Investigating PKCε as a Target for Opioid Withdrawal and Pain

Opioid use disorder (OUD) has become much more prevalent in the United States over the past two decades. Withdrawal symptoms from both opioids and OUD medications used as replacement therapies can perpetuate the addiction cycle via negative reinforcement. Thus, there is a need to discover new, non-addictive medications for treatment. Protein kinase C epsilon (PKCε) has emerged as a target for treating both nicotine and alcohol use disorders. More recently, our group found that inhibiting PKCε reduces conditioned place aversion in morphine-dependent mice following naloxone-precipitated withdrawal, suggesting that PKCε is important for negative emotional signs of opioid withdrawal. Our current goal is to investigate whether other behavioral aspects of opioid withdrawal are associated with PKCε and determine which brain regions are important for these behaviors. This was accomplished by identifying the neuronal ensembles that modulate opioid withdrawal via PKCε using Fos immunohistochemistry. I found reductions in Fos expression between mice treated with the PKCε inhibitor in brain regions previously associated with negative emotional signs of withdrawal. However, inherent flaws with immunohistochemistry, which include asymmetrical sectioning, mechanical distortion, and random sub-sampling, may have confounded these findings.

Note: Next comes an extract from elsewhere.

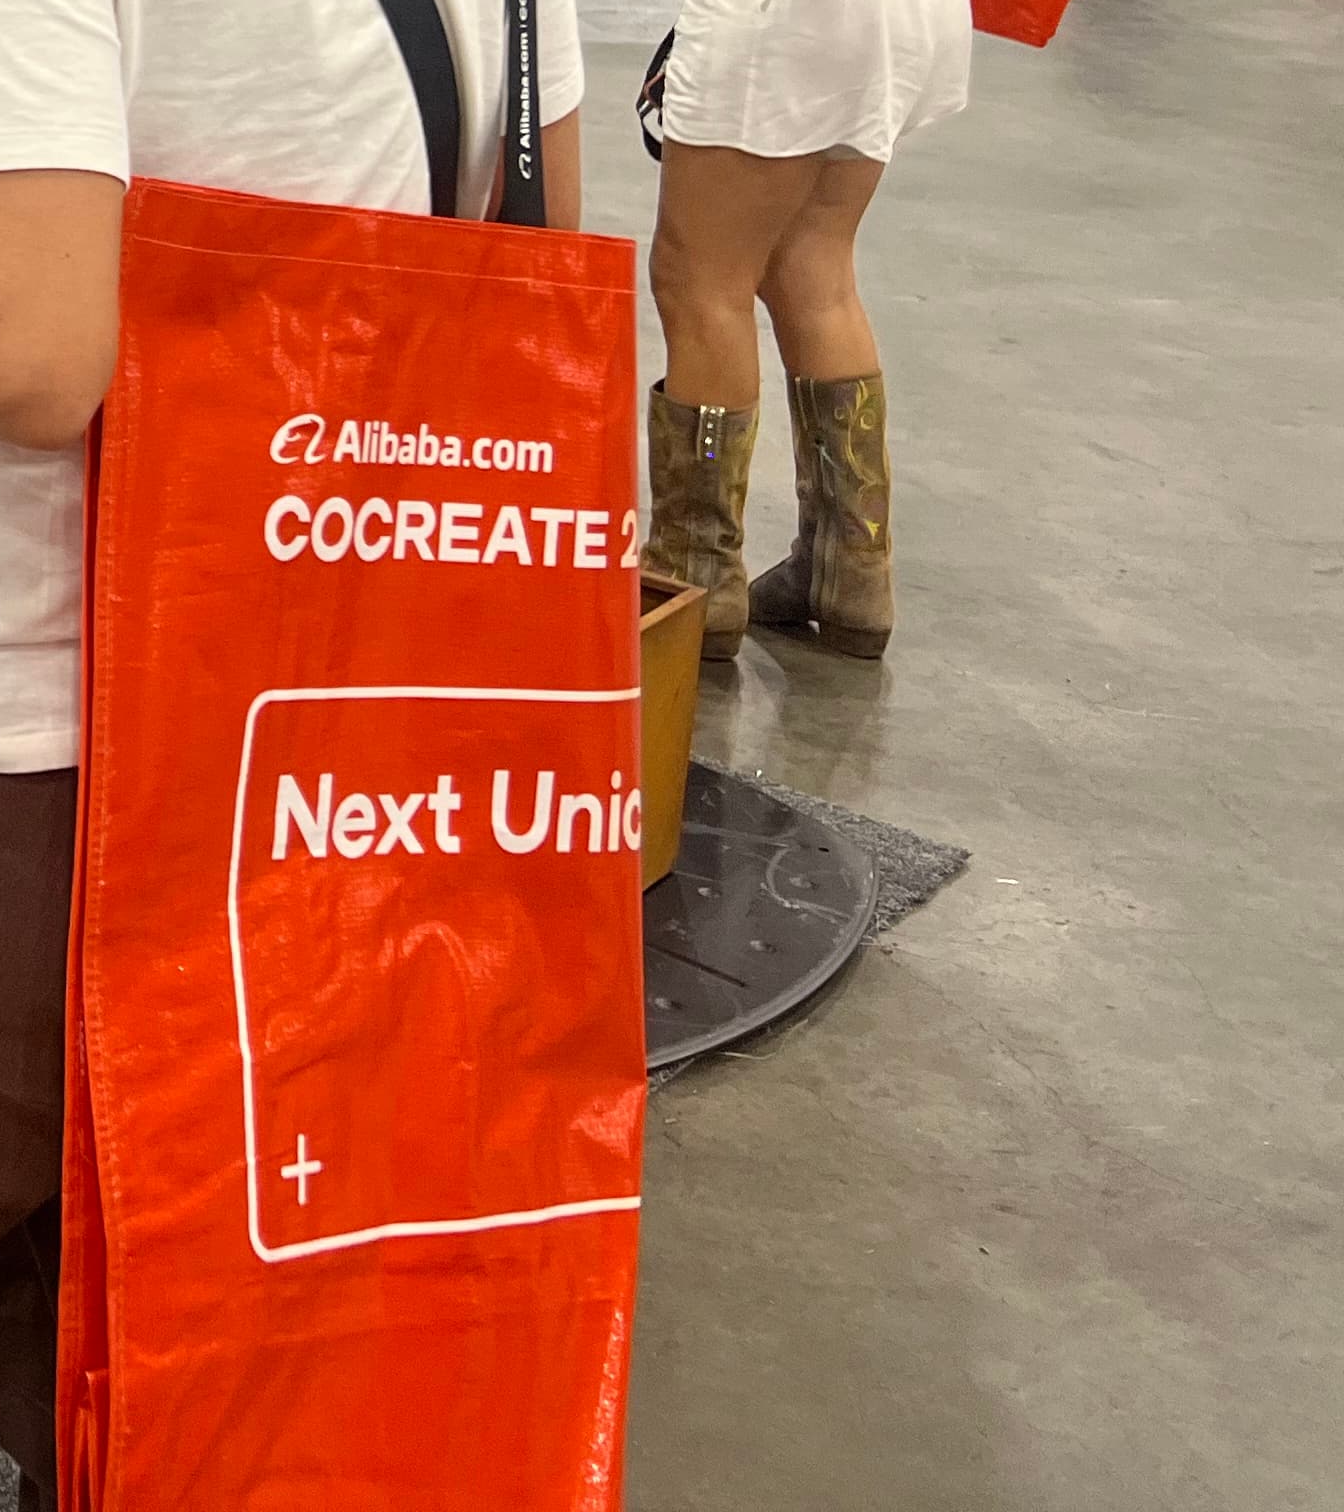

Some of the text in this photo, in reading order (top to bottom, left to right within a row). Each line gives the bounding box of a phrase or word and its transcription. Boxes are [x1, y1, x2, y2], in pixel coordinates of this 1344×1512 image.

Recently, novel tissue-clearing methods have been developed which render millimeter-thick sections transparent and preserve the integrity of the brain’s natural cytoarchitecture, allowing analysis of Fos counts across brain regions in an unbiased fashion. I was able to successfully clear brains using FACT and FDISCO, which are techniques that can clear brains while preserving endogenous fluorescence. These can be used in future experiments investigating brain regions important for PKCε modulation of opioid withdrawal.